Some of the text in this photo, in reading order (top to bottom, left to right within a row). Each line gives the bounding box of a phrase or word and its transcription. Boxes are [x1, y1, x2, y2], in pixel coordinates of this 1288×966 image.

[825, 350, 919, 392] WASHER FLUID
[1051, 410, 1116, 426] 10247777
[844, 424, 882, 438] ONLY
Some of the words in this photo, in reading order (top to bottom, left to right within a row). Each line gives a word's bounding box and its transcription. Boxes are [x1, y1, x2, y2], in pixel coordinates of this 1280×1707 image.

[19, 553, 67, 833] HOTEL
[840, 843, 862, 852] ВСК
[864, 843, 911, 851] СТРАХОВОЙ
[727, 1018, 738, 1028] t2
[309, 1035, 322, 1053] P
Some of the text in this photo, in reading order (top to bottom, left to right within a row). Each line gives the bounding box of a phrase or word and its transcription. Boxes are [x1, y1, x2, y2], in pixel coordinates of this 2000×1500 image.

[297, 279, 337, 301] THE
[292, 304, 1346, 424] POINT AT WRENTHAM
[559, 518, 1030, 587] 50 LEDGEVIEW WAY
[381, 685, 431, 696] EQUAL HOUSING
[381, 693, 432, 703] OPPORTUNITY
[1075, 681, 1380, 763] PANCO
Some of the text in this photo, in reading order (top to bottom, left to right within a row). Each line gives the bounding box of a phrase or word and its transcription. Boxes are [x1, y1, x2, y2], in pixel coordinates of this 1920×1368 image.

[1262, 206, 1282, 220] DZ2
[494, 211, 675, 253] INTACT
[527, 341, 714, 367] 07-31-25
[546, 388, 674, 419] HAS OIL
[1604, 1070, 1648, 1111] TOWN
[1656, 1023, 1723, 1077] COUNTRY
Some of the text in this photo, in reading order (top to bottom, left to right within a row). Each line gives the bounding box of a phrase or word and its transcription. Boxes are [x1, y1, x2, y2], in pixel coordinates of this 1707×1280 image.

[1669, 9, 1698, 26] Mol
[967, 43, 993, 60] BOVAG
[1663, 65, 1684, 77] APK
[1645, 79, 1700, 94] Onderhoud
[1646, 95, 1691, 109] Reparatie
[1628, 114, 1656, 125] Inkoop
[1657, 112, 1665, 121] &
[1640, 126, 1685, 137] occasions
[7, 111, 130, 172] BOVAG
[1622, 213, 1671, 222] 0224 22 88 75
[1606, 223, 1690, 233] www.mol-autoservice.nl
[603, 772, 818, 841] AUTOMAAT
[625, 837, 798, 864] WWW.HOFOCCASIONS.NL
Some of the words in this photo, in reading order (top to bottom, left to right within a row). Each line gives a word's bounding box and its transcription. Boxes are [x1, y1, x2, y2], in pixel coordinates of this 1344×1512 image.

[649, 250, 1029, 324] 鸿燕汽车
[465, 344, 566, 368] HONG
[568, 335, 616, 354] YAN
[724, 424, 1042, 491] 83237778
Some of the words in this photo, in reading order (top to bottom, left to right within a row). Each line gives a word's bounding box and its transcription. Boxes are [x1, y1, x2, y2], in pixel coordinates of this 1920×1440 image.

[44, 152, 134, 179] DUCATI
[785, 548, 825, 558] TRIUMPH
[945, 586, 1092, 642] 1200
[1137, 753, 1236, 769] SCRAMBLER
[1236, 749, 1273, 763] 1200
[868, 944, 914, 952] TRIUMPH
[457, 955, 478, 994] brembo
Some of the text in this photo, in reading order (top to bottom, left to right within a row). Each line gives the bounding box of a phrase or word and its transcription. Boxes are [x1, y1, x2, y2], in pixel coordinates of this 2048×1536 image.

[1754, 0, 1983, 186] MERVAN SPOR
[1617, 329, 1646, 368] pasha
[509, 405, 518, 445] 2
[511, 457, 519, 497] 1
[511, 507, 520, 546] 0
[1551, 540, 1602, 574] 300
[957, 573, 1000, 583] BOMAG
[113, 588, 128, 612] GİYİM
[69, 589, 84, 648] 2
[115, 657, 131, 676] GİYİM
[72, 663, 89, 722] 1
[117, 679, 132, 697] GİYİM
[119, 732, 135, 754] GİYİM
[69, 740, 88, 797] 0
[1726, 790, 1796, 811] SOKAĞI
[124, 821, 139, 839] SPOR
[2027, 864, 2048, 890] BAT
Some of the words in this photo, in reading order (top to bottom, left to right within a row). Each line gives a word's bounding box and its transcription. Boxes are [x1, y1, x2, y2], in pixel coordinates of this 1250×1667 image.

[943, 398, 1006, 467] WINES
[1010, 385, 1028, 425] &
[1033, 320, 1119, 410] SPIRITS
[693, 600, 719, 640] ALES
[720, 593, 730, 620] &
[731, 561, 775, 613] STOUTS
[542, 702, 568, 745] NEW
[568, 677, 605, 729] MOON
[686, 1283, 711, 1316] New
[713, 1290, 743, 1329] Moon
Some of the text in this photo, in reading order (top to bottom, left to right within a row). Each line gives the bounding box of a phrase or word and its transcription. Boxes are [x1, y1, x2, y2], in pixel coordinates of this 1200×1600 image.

+++

## DESCRIPTION OF THE TASK
Each record is to be retyped exactly as it appears.

## YOUR SOLUTION
Some of the text in this photo, in reading order (top to bottom, left to right within a row). Each line gives the bounding box of a phrase or word and its transcription. Boxes are [x1, y1, x2, y2], in pixel coordinates of this 1288×966 image.

[825, 350, 919, 392] WASHER FLUID
[1051, 410, 1116, 426] 10247777
[844, 424, 882, 438] ONLY
Some of the words in this photo, in reading order (top to bottom, left to right within a row). Each line gives a word's bounding box and its transcription. Boxes are [x1, y1, x2, y2], in pixel coordinates of this 1280×1707 image.

[19, 553, 67, 833] HOTEL
[840, 843, 862, 852] ВСК
[864, 843, 911, 851] СТРАХОВОЙ
[727, 1018, 738, 1028] t2
[309, 1035, 322, 1053] P
Some of the text in this photo, in reading order (top to bottom, left to right within a row). Each line gives the bounding box of a phrase or word and its transcription. Boxes are [x1, y1, x2, y2], in pixel coordinates of this 2000×1500 image.

[297, 279, 337, 301] THE
[292, 304, 1346, 424] POINT AT WRENTHAM
[559, 518, 1030, 587] 50 LEDGEVIEW WAY
[381, 685, 431, 696] EQUAL HOUSING
[381, 693, 432, 703] OPPORTUNITY
[1075, 681, 1380, 763] PANCO
Some of the text in this photo, in reading order (top to bottom, left to right within a row). Each line gives the bounding box of a phrase or word and its transcription. Boxes are [x1, y1, x2, y2], in pixel coordinates of this 1920×1368 image.

[1262, 206, 1282, 220] DZ2
[494, 211, 675, 253] INTACT
[527, 341, 714, 367] 07-31-25
[546, 388, 674, 419] HAS OIL
[1604, 1070, 1648, 1111] TOWN
[1656, 1023, 1723, 1077] COUNTRY
Some of the text in this photo, in reading order (top to bottom, left to right within a row). Each line gives the bounding box of a phrase or word and its transcription. Boxes are [x1, y1, x2, y2], in pixel coordinates of this 1707×1280 image.

[1669, 9, 1698, 26] Mol
[967, 43, 993, 60] BOVAG
[1663, 65, 1684, 77] APK
[1645, 79, 1700, 94] Onderhoud
[1646, 95, 1691, 109] Reparatie
[1628, 114, 1656, 125] Inkoop
[1657, 112, 1665, 121] &
[1640, 126, 1685, 137] occasions
[7, 111, 130, 172] BOVAG
[1622, 213, 1671, 222] 0224 22 88 75
[1606, 223, 1690, 233] www.mol-autoservice.nl
[603, 772, 818, 841] AUTOMAAT
[625, 837, 798, 864] WWW.HOFOCCASIONS.NL
Some of the words in this photo, in reading order (top to bottom, left to right within a row). Each line gives a word's bounding box and its transcription. Boxes are [x1, y1, x2, y2], in pixel coordinates of this 1344×1512 image.

[649, 250, 1029, 324] 鸿燕汽车
[465, 344, 566, 368] HONG
[568, 335, 616, 354] YAN
[724, 424, 1042, 491] 83237778
Some of the words in this photo, in reading order (top to bottom, left to right within a row). Each line gives a word's bounding box and its transcription. Boxes are [x1, y1, x2, y2], in pixel coordinates of this 1920×1440 image.

[44, 152, 134, 179] DUCATI
[785, 548, 825, 558] TRIUMPH
[945, 586, 1092, 642] 1200
[1137, 753, 1236, 769] SCRAMBLER
[1236, 749, 1273, 763] 1200
[868, 944, 914, 952] TRIUMPH
[457, 955, 478, 994] brembo
Some of the text in this photo, in reading order (top to bottom, left to right within a row). Each line gives the bounding box of a phrase or word and its transcription. Boxes are [x1, y1, x2, y2], in pixel coordinates of this 2048×1536 image.

[1754, 0, 1983, 186] MERVAN SPOR
[1617, 329, 1646, 368] pasha
[509, 405, 518, 445] 2
[511, 457, 519, 497] 1
[511, 507, 520, 546] 0
[1551, 540, 1602, 574] 300
[957, 573, 1000, 583] BOMAG
[113, 588, 128, 612] GİYİM
[69, 589, 84, 648] 2
[115, 657, 131, 676] GİYİM
[72, 663, 89, 722] 1
[117, 679, 132, 697] GİYİM
[119, 732, 135, 754] GİYİM
[69, 740, 88, 797] 0
[1726, 790, 1796, 811] SOKAĞI
[124, 821, 139, 839] SPOR
[2027, 864, 2048, 890] BAT
Some of the words in this photo, in reading order (top to bottom, left to right within a row). Each line gives a word's bounding box and its transcription. Boxes are [x1, y1, x2, y2], in pixel coordinates of this 1250×1667 image.

[943, 398, 1006, 467] WINES
[1010, 385, 1028, 425] &
[1033, 320, 1119, 410] SPIRITS
[693, 600, 719, 640] ALES
[720, 593, 730, 620] &
[731, 561, 775, 613] STOUTS
[542, 702, 568, 745] NEW
[568, 677, 605, 729] MOON
[686, 1283, 711, 1316] New
[713, 1290, 743, 1329] Moon
Some of the text in this photo, in reading order (top to bottom, left to right within a row). Each line gives the bounding box of a phrase or word and its transcription. Boxes are [x1, y1, x2, y2], in pixel coordinates of this 1200×1600 image.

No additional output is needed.